All computer-based immigration systems went down for about five hours, between 4:30 a.m. and 9:30 a.m., forcing officers to clear travelers by hand at the peak of the morning rush, The Star reported. It was the second nationwide breakdown in five weeks, following a similar crash that stranded travelers for about two hours on April 23, and the latest in a run of failures at Malaysia’s borders.
A multi-day autogate outage hit the two Johor crossings with Singapore in January, and a nationwide autogate failure in July 2025 left more than 380,000 foreign travelers stranded, according to Malay Mail.
The January failure struck just as Malaysia launched its Visit Malaysia 2026 tourism campaign, prompting Prime Minister Anwar Ibrahim to tell border authorities the breakdowns “must not happen again,” Asia News Network reported.
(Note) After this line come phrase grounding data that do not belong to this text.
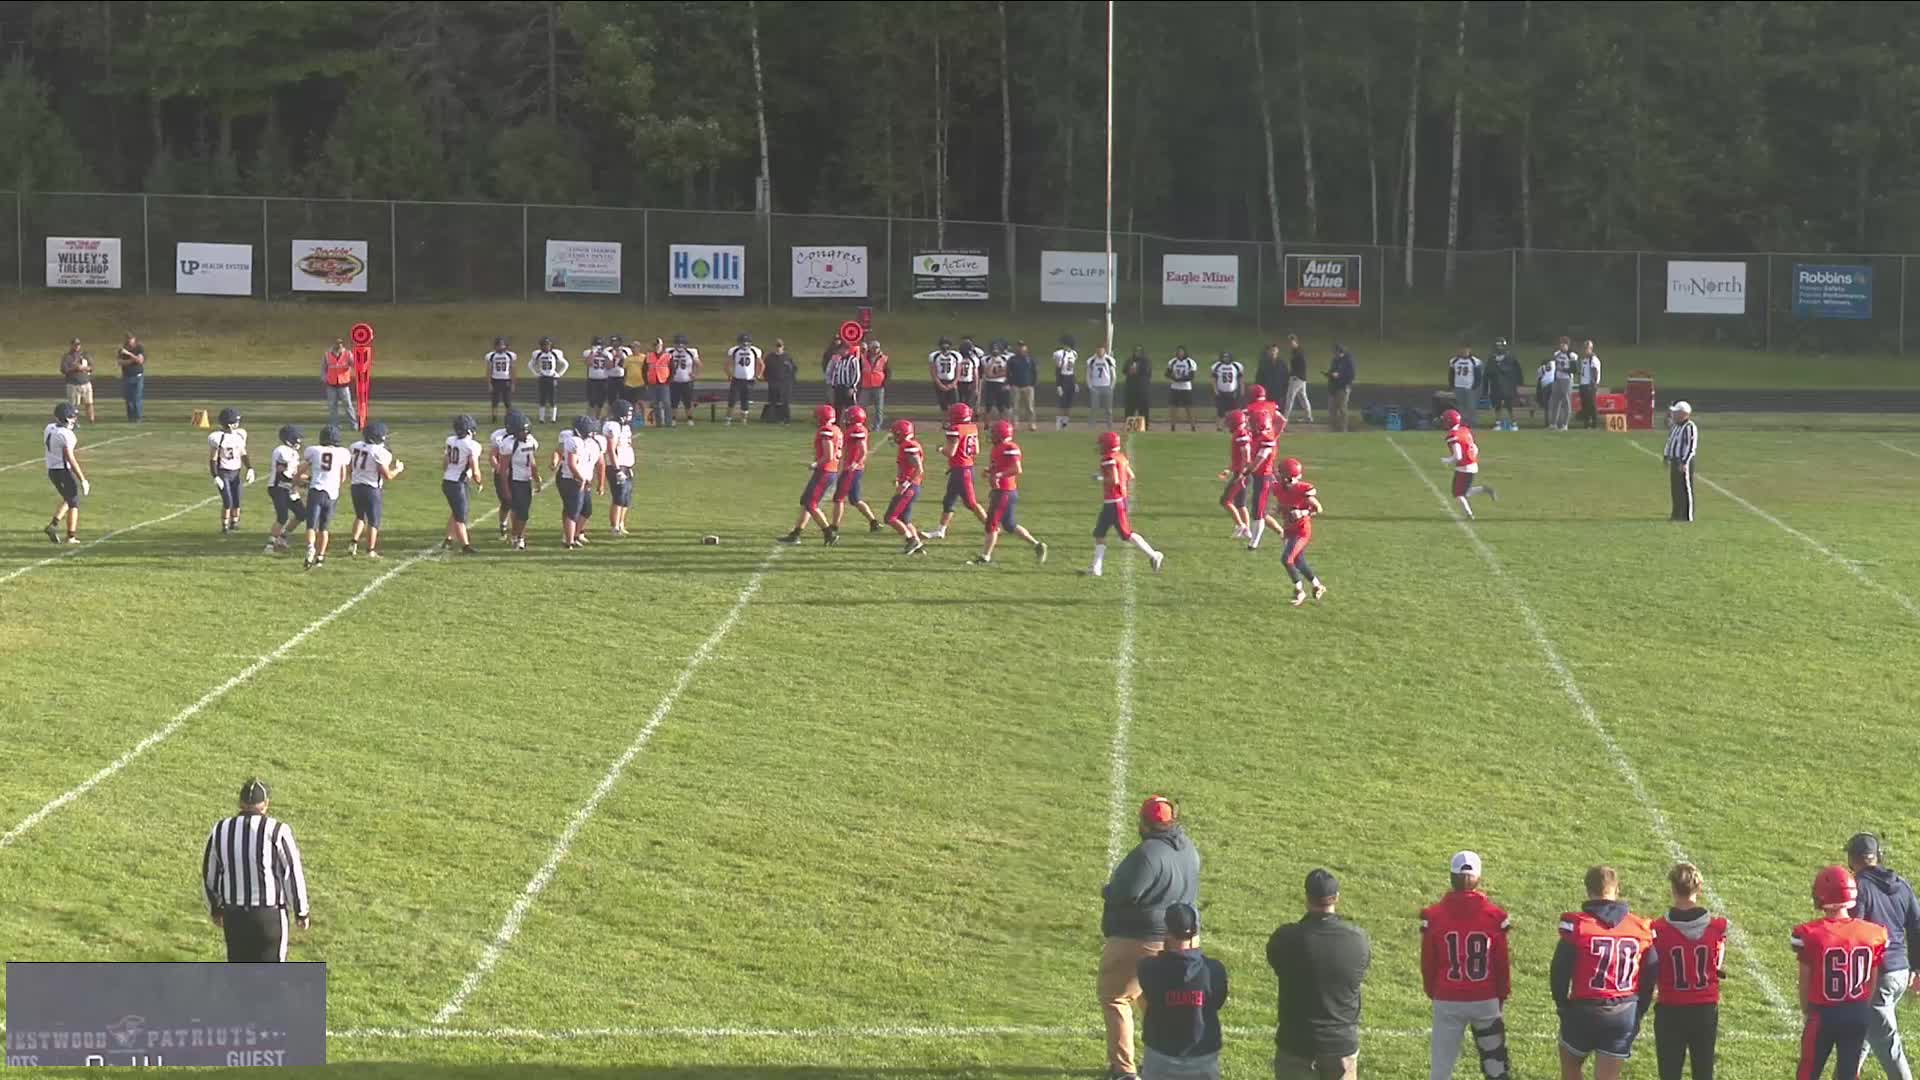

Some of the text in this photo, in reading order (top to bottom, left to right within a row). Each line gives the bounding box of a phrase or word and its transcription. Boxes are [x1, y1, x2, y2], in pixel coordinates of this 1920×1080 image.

[57, 253, 108, 264] WILLEY'S
[796, 250, 863, 264] Congress
[85, 264, 109, 274] SHOP
[180, 260, 200, 275] UP
[674, 251, 738, 280] Holli
[1305, 260, 1342, 273] Auto
[805, 276, 855, 289] Pizzas
[1166, 271, 1234, 285] Eagle Mine
[1302, 274, 1343, 288] Value
[1800, 271, 1852, 284] Robbins
[738, 357, 751, 367] 40
[1609, 415, 1625, 430] 40
[321, 452, 333, 471] 9
[352, 447, 368, 469] 77
[1444, 930, 1490, 982] 18
[1589, 936, 1641, 992] 70
[1670, 945, 1709, 991] 11
[1822, 946, 1873, 1001] 60
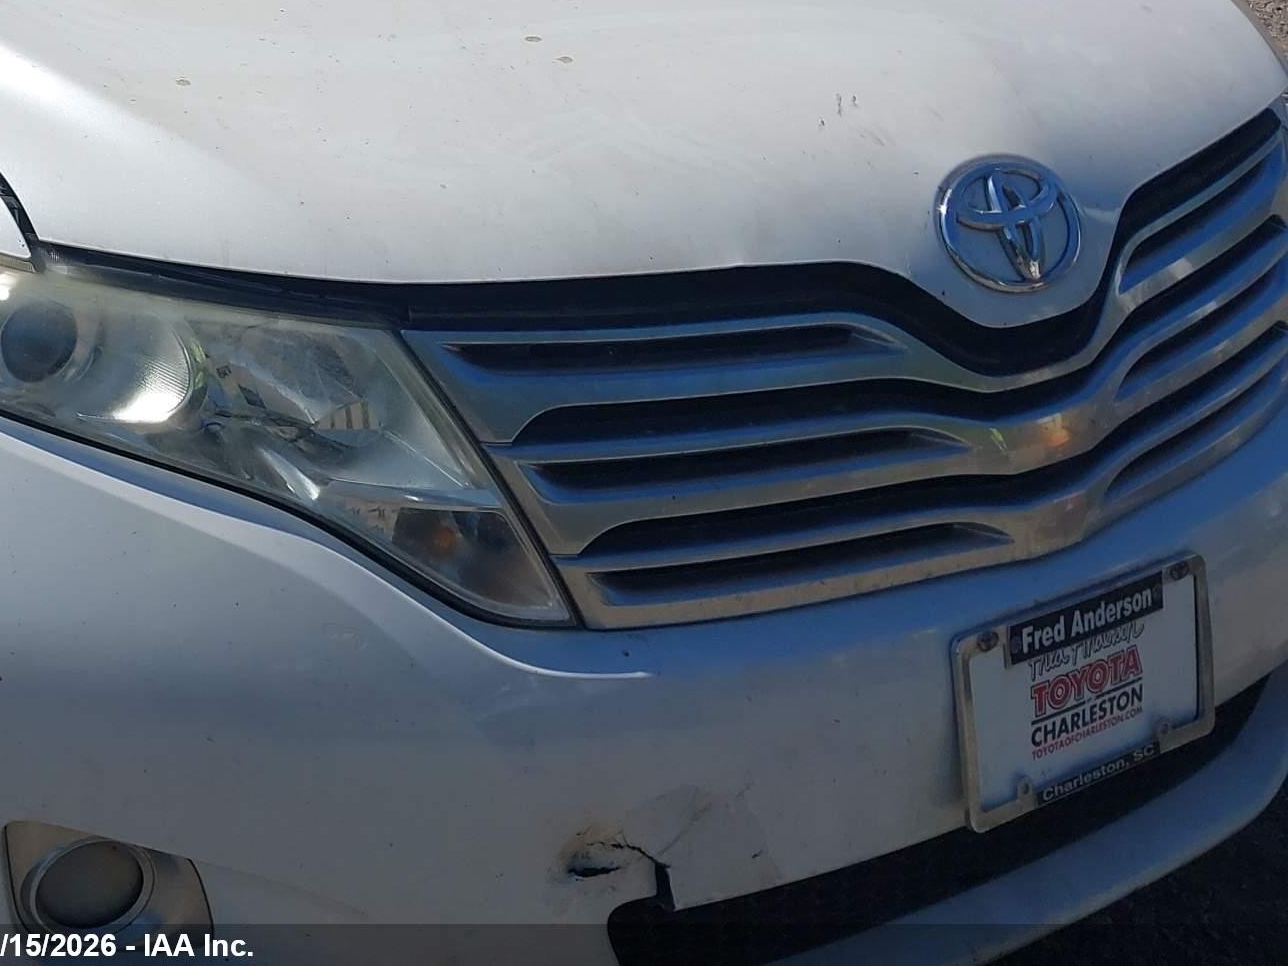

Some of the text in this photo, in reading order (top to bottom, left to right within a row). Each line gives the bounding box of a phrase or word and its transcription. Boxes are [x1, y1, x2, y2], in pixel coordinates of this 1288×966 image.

Immigration Department director-general Zakaria Shaaban told The Star the latest fault was traced to the data center running the Malaysian Immigration System (MyIMMs). He said the system had been restored after rectifying work and had not been hacked, but warned that the roughly 30-year-old platform could fail again.
“The MyIMMs system is old and I cannot ensure that such a problem will not recur,” he told The Star. “Problems are bound to happen.”
A replacement, the National Integrated Immigration System (NIISe), is due to take over from MyIMMs by 2028, and Zakaria said disruptions could continue until it is fully running. “We will endure them until the NIISe system is ready,” he said.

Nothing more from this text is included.